On the Significance of Turing’s Test

  1. Introduction
  2. ACM SIG Health and Its Implications
  3. Secure Software Costs No More
  4. Trust Personal Data to Social Scientists?
  5. For Better Security, Try a Random-Point Password Sequence
  6. Footnotes
Letters to the Editor

Contrary to what the first sentence of Alan Turing’s 1950 paper "Computing Machinery and Intelligence" might suggest, the paper was not about the question "Can machines think?" Turing quickly rejected that question because its meaning is undefined, replacing it with a vaguely related alternative that is relatively unambiguous. He said he considered "Can machines think?" too meaningless to deserve discussion and did not claim his replacement question was, in any sense, equivalent to the original question.

Nobody interested in the so-called "Turing Test" should neglect the work of the late MIT professor Joseph Weizenbaum in the mid-1960s. Using a computer that was extremely limited in computing power by today’s standards, he created a simple program called Eliza that could carry out an apparently interesting conversation with a user. Nobody who examined Eliza’s code would consider the program to be "intelligent." It clearly had no information about the topic being discussed. Over the years I have met at least several people who viewed Eliza as a serious attempt to pass the so-called Turing test; some actually worked to improve it.
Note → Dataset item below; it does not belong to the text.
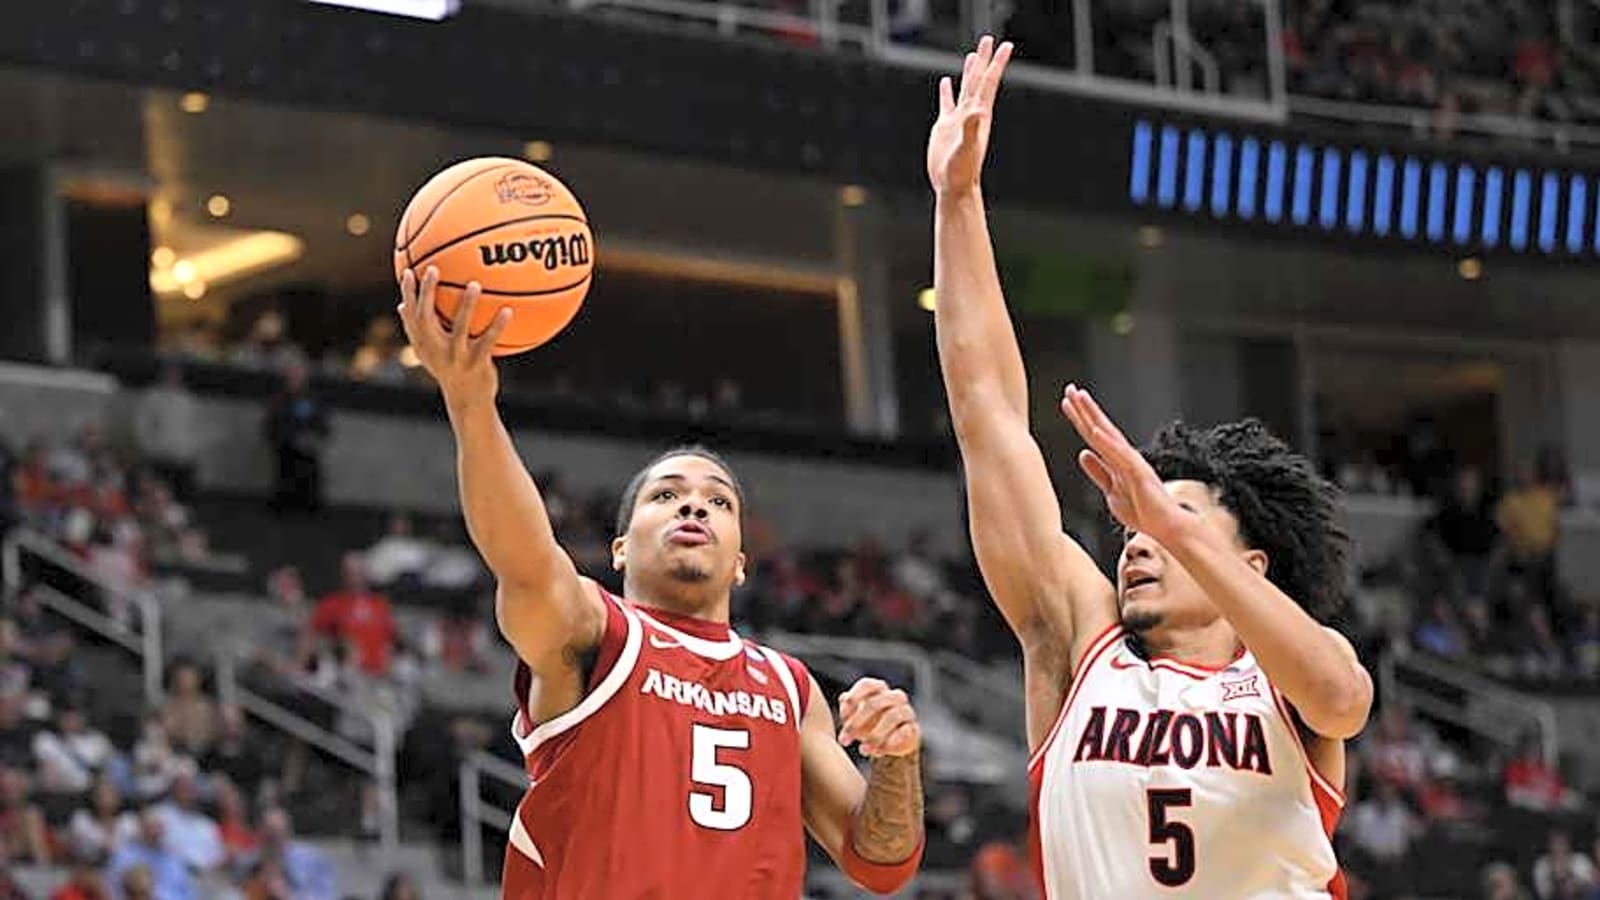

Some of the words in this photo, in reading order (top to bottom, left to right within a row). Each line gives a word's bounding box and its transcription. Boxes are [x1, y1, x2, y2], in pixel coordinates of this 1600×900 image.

Weizenbaum found this surprising and insisted they were wrong. He had written the program and related paper to show that passing the Turing test was trivial and that the test should not be used as a measure of intelligence.
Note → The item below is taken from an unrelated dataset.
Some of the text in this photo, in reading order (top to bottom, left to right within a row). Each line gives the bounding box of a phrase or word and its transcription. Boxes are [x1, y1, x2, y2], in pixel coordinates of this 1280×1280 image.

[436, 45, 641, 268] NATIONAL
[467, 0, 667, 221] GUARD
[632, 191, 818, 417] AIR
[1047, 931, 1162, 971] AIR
Moshe Y. Vardi was correct in his Editor’s Letter "Would Turing Have Passed the Turing Test?" (Sept. 2014) when he suggested that Turing’s "imitation game" should be regarded as nothing more than a game. I would go further. Computer scientists have wasted far too much time and resources trying to answer "big" but vague philosophical questions (such as "Can a machine be intelligent?"). Their effort would be better spent on answering "little" questions about specific issues (such as "Can a computing machine be trusted to park a car?"). Discussion of such practical matters would be far more useful than endless debates about the Turing test and who or what might pass it.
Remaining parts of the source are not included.